The Virginia Department of Health has been collecting data on how many staff members have been vaccinated, and vaccine coordinator, Dr. Danny Avula, said the department should share statistics next week.

Meanwhile, coronavirus case numbers in long-term care facilities are falling each week, according to VDH data.

“We do believe the vaccine is having an effect and we hope that will grow as time goes on," said Keith Hare, president and CEO of VHCA-VCAL. "We anticipate [outbreaks and cases] will drop significantly in March and April."

Vaccine clinics in nursing homes started on December 28, 2020. 

In January, Virginia averaged 31.5 long-term care coronavirus outbreaks per week. In February, Virginia averaged 14.3 outbreaks per week.

“There was one facility that said it was a shot in the arm for hope, and I think that’s about the best way you can sum it up," Hare said.

Consulate Health Care of Norfolk is the only long-term care facility in Hampton Roads to report a coronavirus outbreak with more than 5 deaths in 2021. 

The facility reported the outbreak to the Virginia Department of Health on January 13. In total, 54 people tested positive and 6 have died in that outbreak.

VDH reports all 285 skilled nursing have facilities have completed their first and second dose clinics for residents.

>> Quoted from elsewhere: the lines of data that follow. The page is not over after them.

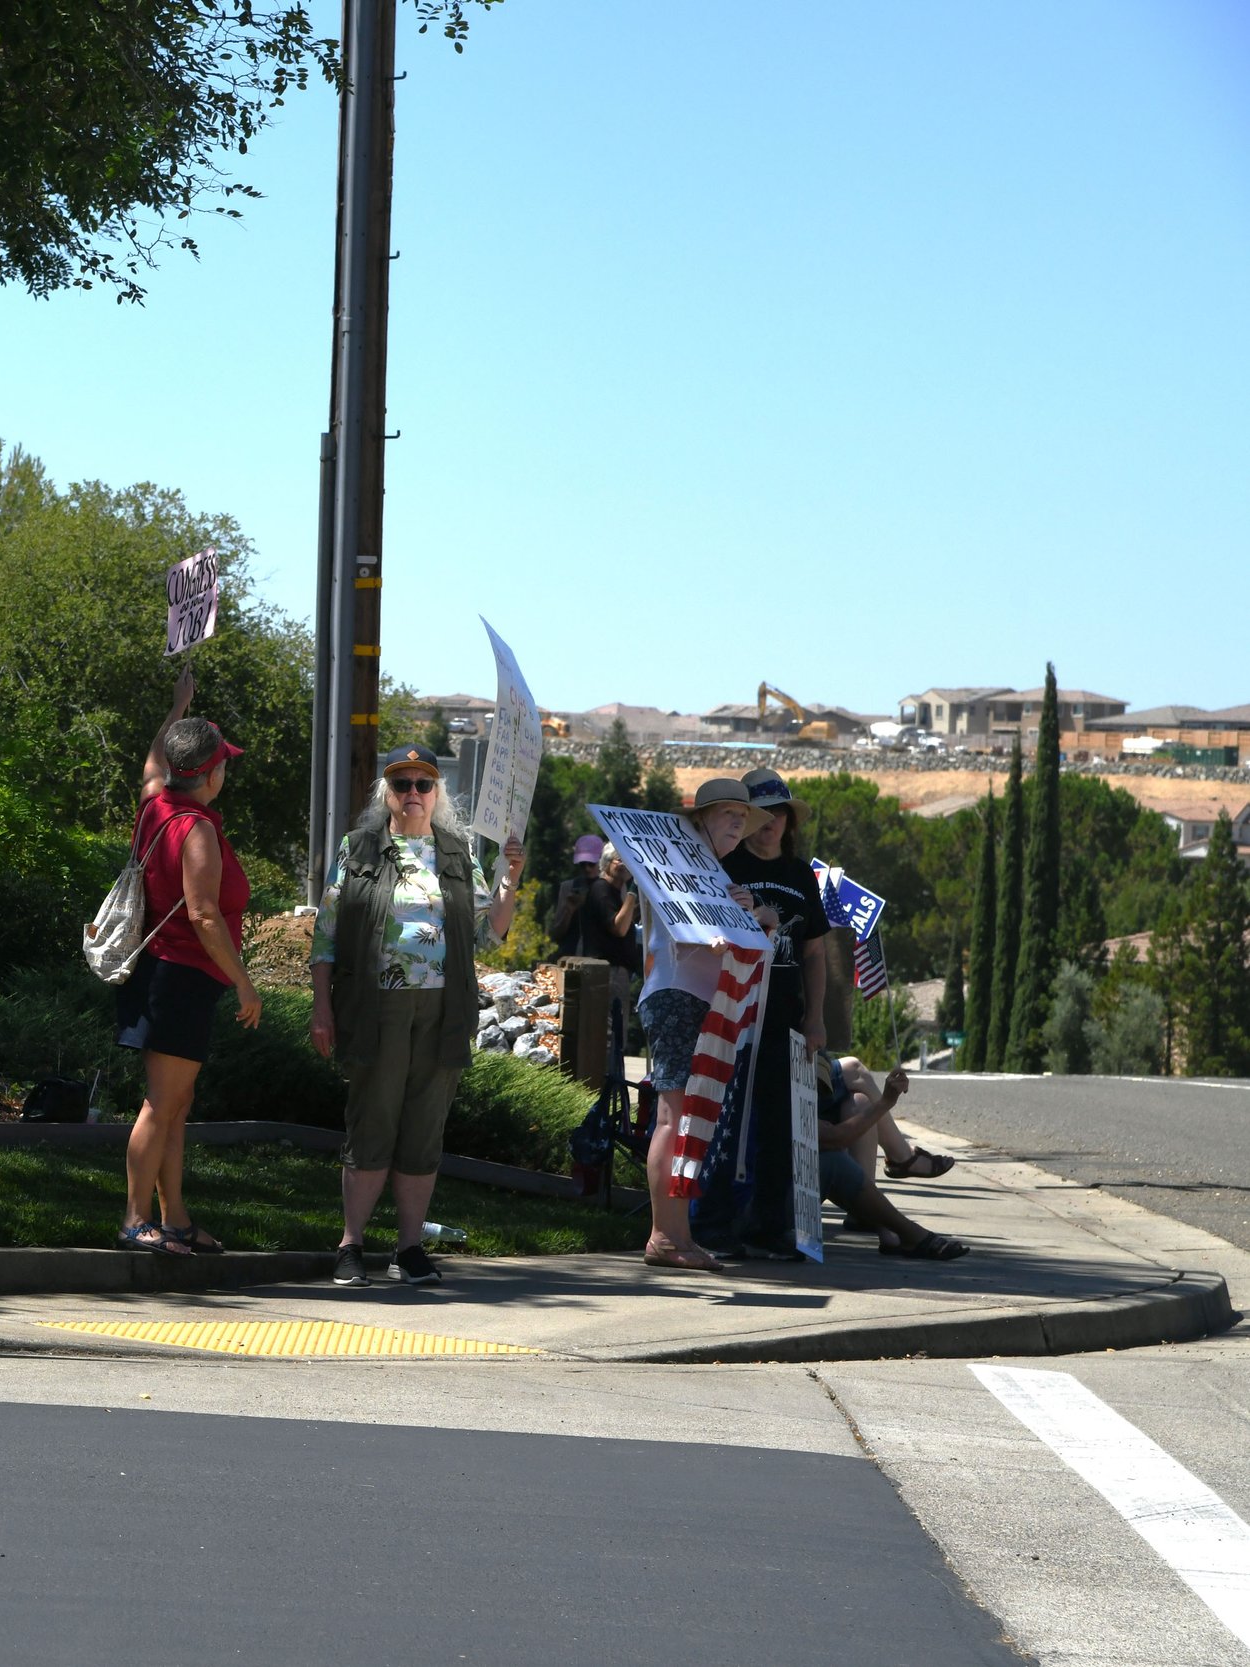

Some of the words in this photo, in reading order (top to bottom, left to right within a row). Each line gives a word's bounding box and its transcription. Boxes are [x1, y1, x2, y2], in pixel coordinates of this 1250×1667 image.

[167, 553, 216, 607] CONGRESS
[167, 599, 213, 653] JOB!
[491, 759, 505, 775] PBS
[483, 807, 499, 828] EPA
[622, 835, 673, 867] STOP
[670, 840, 720, 873] THIS
[644, 866, 727, 898] MADNESS
[750, 881, 764, 890] FOR
[658, 901, 693, 926] JOIN
[687, 902, 762, 932] INDIVISIBLE

As of Feb. 23, 97% of the 1,058 assisted living facilities had completed their first dose clinics, and 67% of those assisted living facilities had completed second dose clinics.

VDH says a survey of LTCFs is underway that will "gauge rates or percentages of staff and residents vaccinated." 

A VDH spokesperson said: "We continue to see steady declines in cases and outbreaks in LTCFs which is good news, but it is still incredibly important to remain vigilant, particularly as we are so close to getting more and more people vaccinated."

“We talk about having herd immunity and we really believe nursing facilities are well on their way to becoming very safe places," said Hare. “To really beat the pandemic we have to have the entire community, at least 75% of individuals, take that vaccine.”

The North Carolina Department of Health and Human Services also reports COVID-19 cases are “declining rapidly in long-term care settings.” 

More than 205,000 LTCF residents and staff members have received shots in North Carolina.